Task instructions: Once the line containing "Some of the words" is found, retype it and each line after it through the last entry below, word for word, and nothing else.

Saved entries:
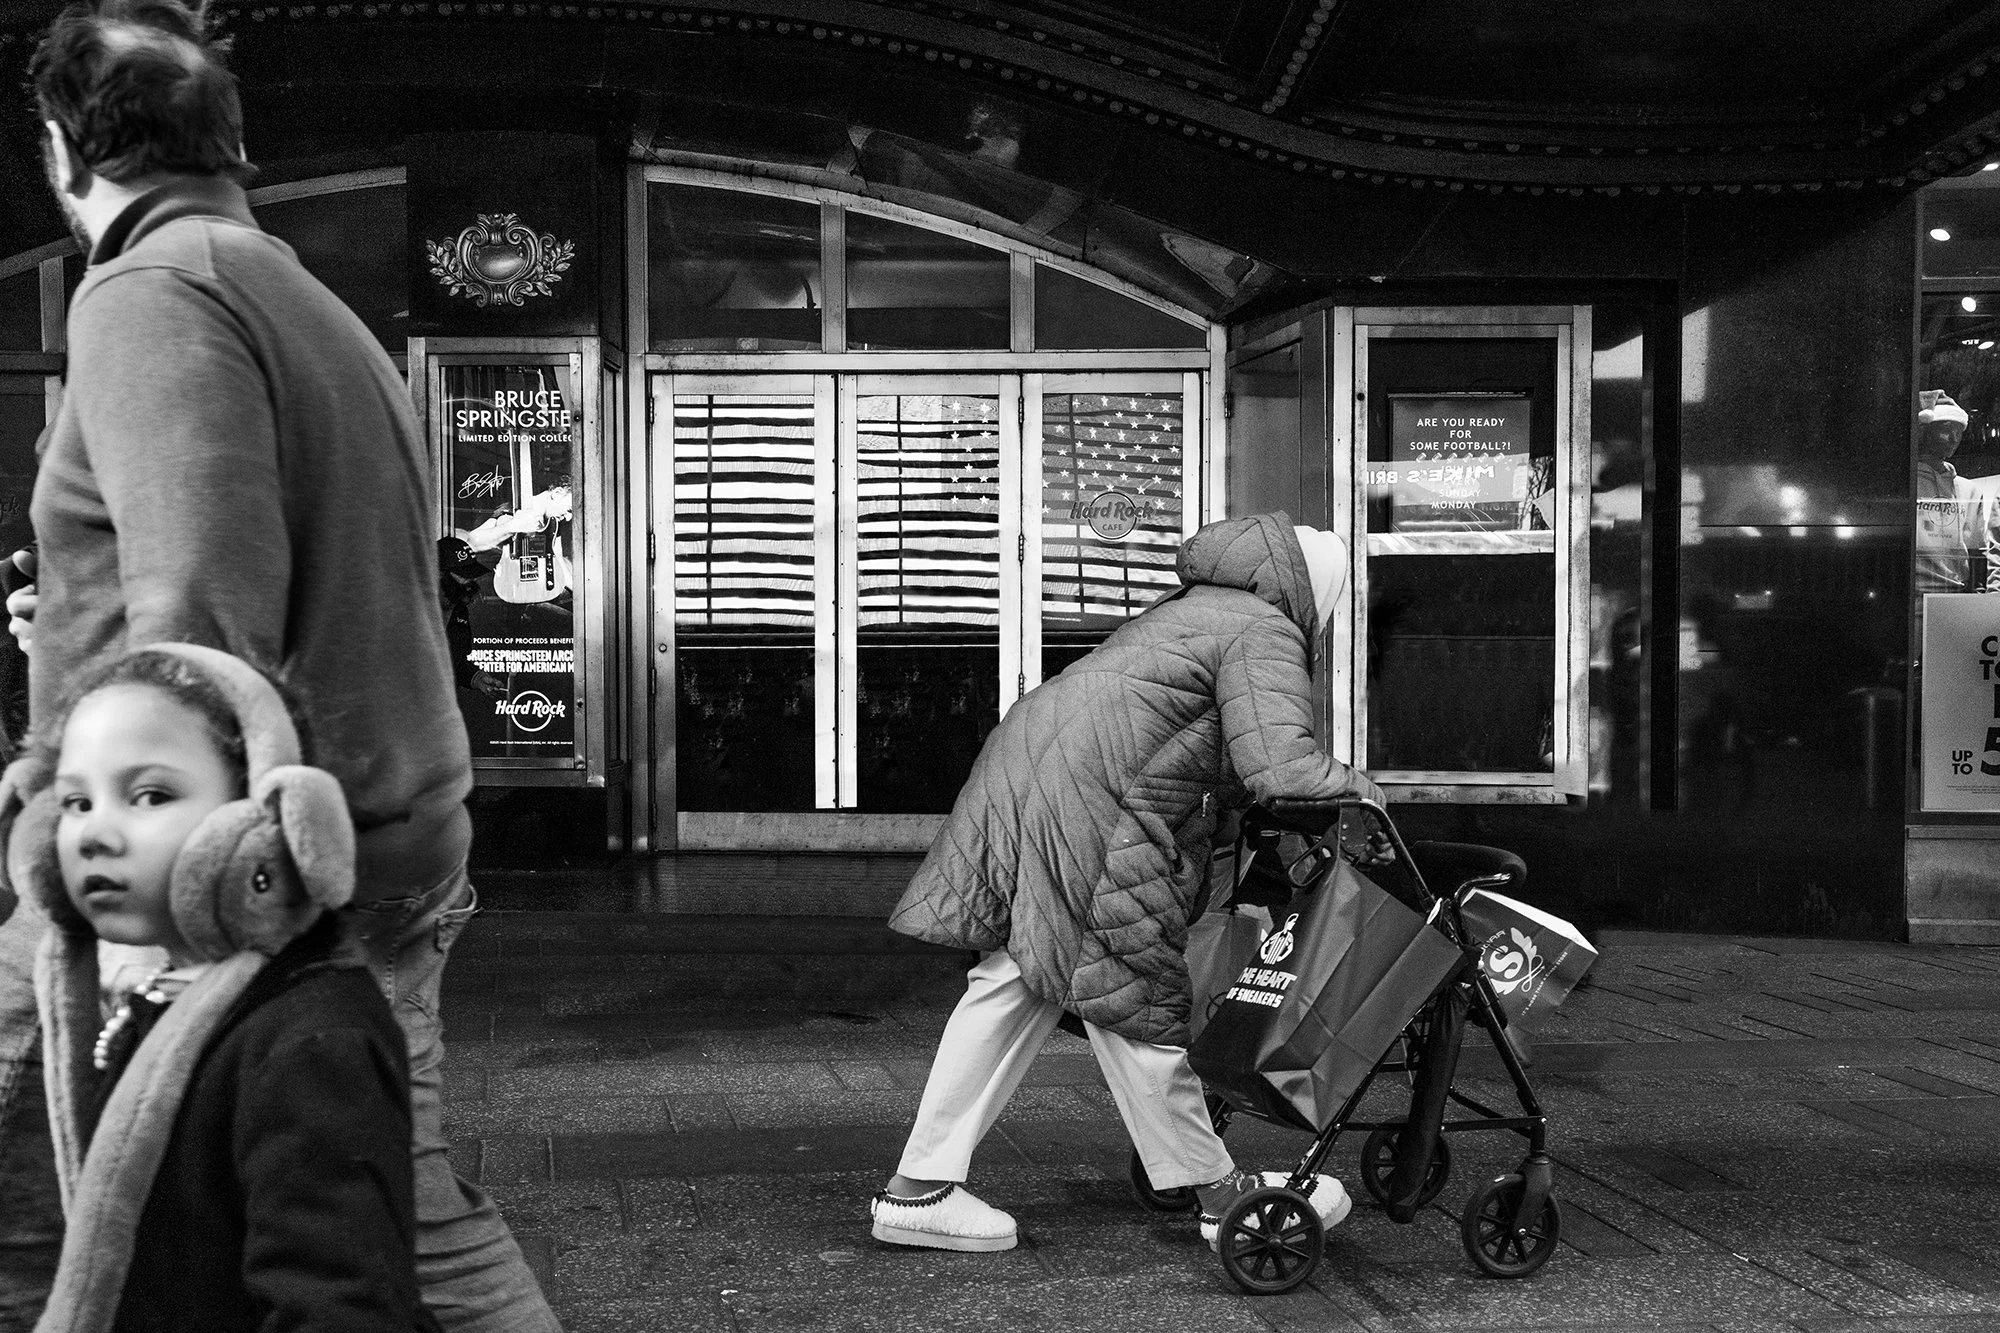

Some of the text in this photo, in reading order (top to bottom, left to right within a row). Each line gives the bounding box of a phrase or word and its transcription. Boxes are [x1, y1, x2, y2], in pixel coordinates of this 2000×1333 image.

[495, 390, 561, 408] BRUCE
[456, 409, 571, 428] SPRINGSTE
[1416, 418, 1505, 427] ARE YOU READY
[458, 434, 494, 443] LIMITED
[498, 434, 536, 443] EDITION
[1450, 430, 1472, 439] FOR
[1410, 442, 1511, 451] SOME FOOTBALL?!
[1439, 488, 1482, 497] SUNDAY
[1431, 500, 1477, 509] MONDAY
[1070, 501, 1155, 521] Hard Rock
[1102, 523, 1124, 531] CAFE
[473, 637, 503, 645] PORTION
[504, 637, 514, 645] OF
[515, 637, 548, 645] PROCEEDS
[494, 649, 552, 662] SPRINGSTEEN
[474, 661, 505, 673] ENTER
[506, 661, 523, 673] FOR
[523, 661, 567, 673] AMERICAN
[1979, 659, 2000, 681] T
[495, 700, 566, 718] Hard Rock
[1952, 750, 1973, 762] UP
[1952, 763, 1973, 775] TO
[1236, 967, 1298, 991] HE HEART
[1236, 988, 1285, 1008] SNEAKERS
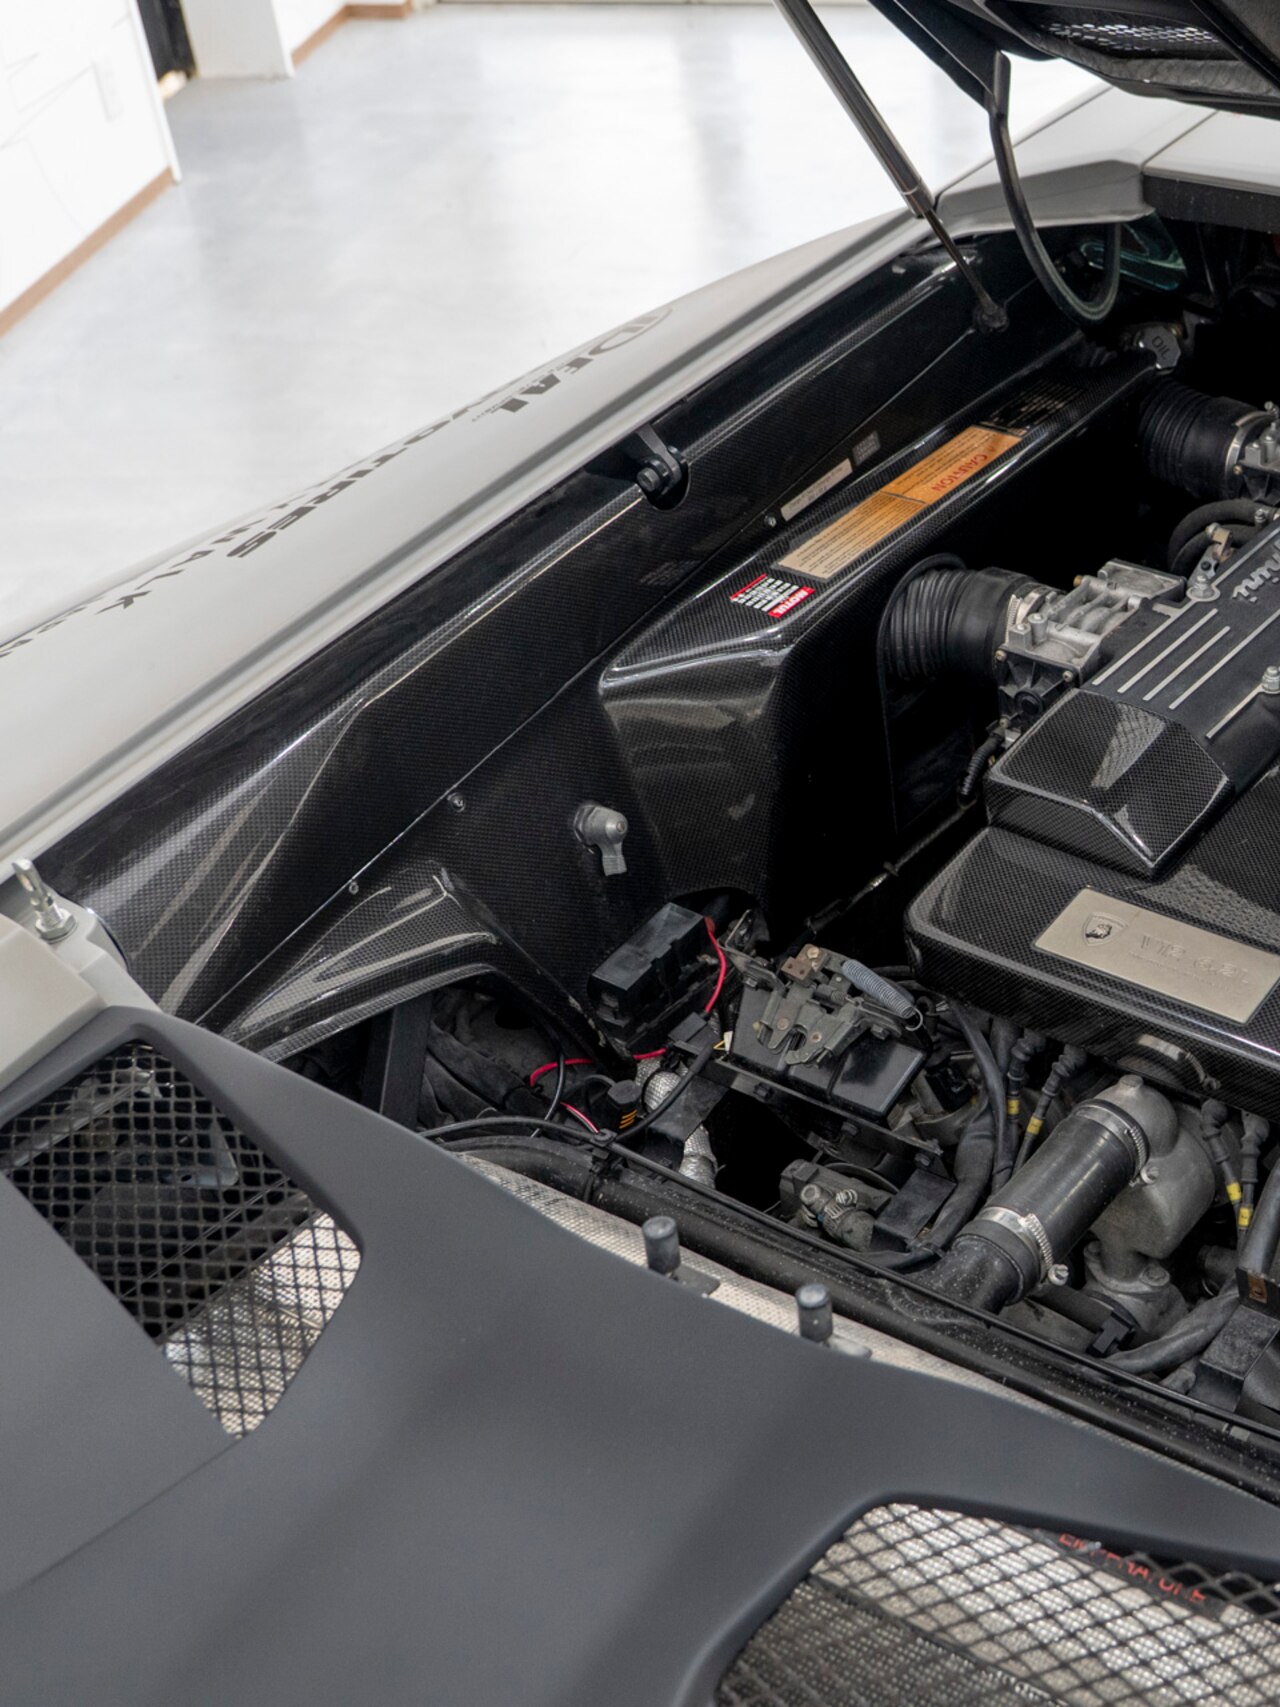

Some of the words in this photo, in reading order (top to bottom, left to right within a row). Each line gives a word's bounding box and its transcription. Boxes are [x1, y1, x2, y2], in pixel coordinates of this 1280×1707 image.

[1151, 335, 1170, 360] OIL
[931, 453, 988, 492] CAUTION
[772, 588, 809, 615] MOTUL

Solution:
Some of the words in this photo, in reading order (top to bottom, left to right within a row). Each line gives a word's bounding box and its transcription. Boxes are [x1, y1, x2, y2], in pixel coordinates of this 1280×1707 image.

[1151, 335, 1170, 360] OIL
[931, 453, 988, 492] CAUTION
[772, 588, 809, 615] MOTUL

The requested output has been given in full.